Right now, more than 5 million Americans have the disease. In 2004, caring for those patients cost Medicaid $19 billion – almost as much as the $23 billion the agency paid to cover all its other claimants. By 2050, there will probably be 19 million Americans with Alzheimer’s – a 280% increase. Footing the bill will cost trillions, according to Harry Johns, the president and CEO of the Alzheimer’s Association.
Unfortunately, that estimate only represents federal dollars for hospitalizations and long-term care costs. Many Alzheimer’s patients have private insurance that covers at least some of these expenses. And most are cared for at home by relatives – 11 million relatives in 2009 – who lost out on work time and racked up their own medical bills from stress-related illness.
Do the math and you’ll find nearly 42 million Americans caring for someone with Alzheimer’s by 2050. No one knows how that will affect earnings, savings, spending, mortgages, and even the overall health of the economy. The costs of Alzheimer’s will multiply exponentially, until they “threaten to completely overwhelm the national healthcare system,” Mr. Johns told me at a Congressional panel meeting on Alzheimer’s.

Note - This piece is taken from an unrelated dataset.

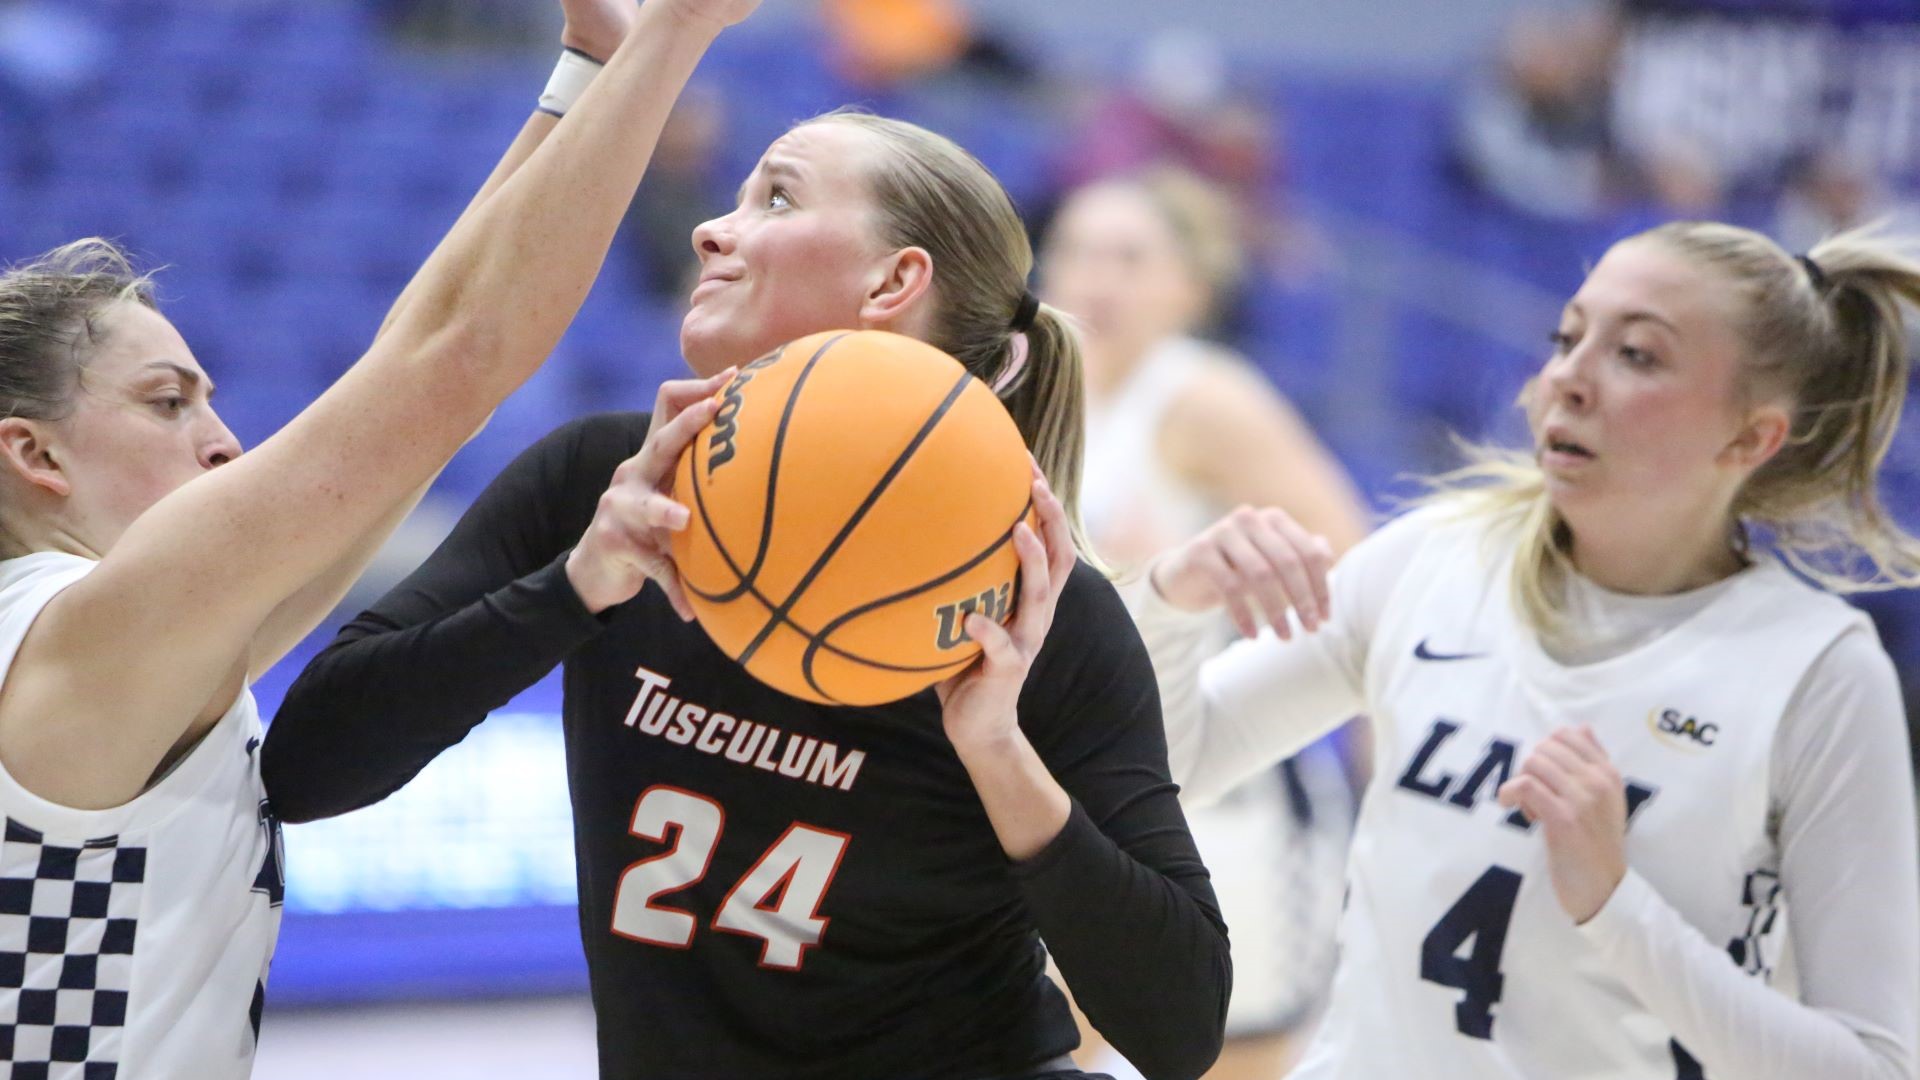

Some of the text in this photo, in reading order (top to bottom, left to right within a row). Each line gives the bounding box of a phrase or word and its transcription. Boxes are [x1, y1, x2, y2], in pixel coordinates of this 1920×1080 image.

He and several dozen association representatives are on Capitol Hill this week lobbying hard for the long-suffering Alzheimer’s Breakthrough Act, which would boost research spending to $2 billion. Now in its fifth incarnation, the bill has never made it out of committee – and given the current economic and political climate, lobbying must seem like a Sisyphean task.
But if the trajectories are right – if millions of aging Baby Boomers survive cancer, HIV, diabetes, and their own advancing years only to succumb to Alzheimer’s – Americans and America will face a struggle like no other in history. And right now, there’s no way to stem the tide – no strategy to prevent the disease’s onset, no vaccine to protect us from it, no pill to halt its progression. After a long string of drug failures, hopes were pinned on Dimebon, the Russian antihistamine that seemed to delay and even reverse memory loss. But Dimebon failed a pivotal phase III trial last week, leaving just four drugs in phase III trials – a pretty small arsenal with which to fight Alzmageddon.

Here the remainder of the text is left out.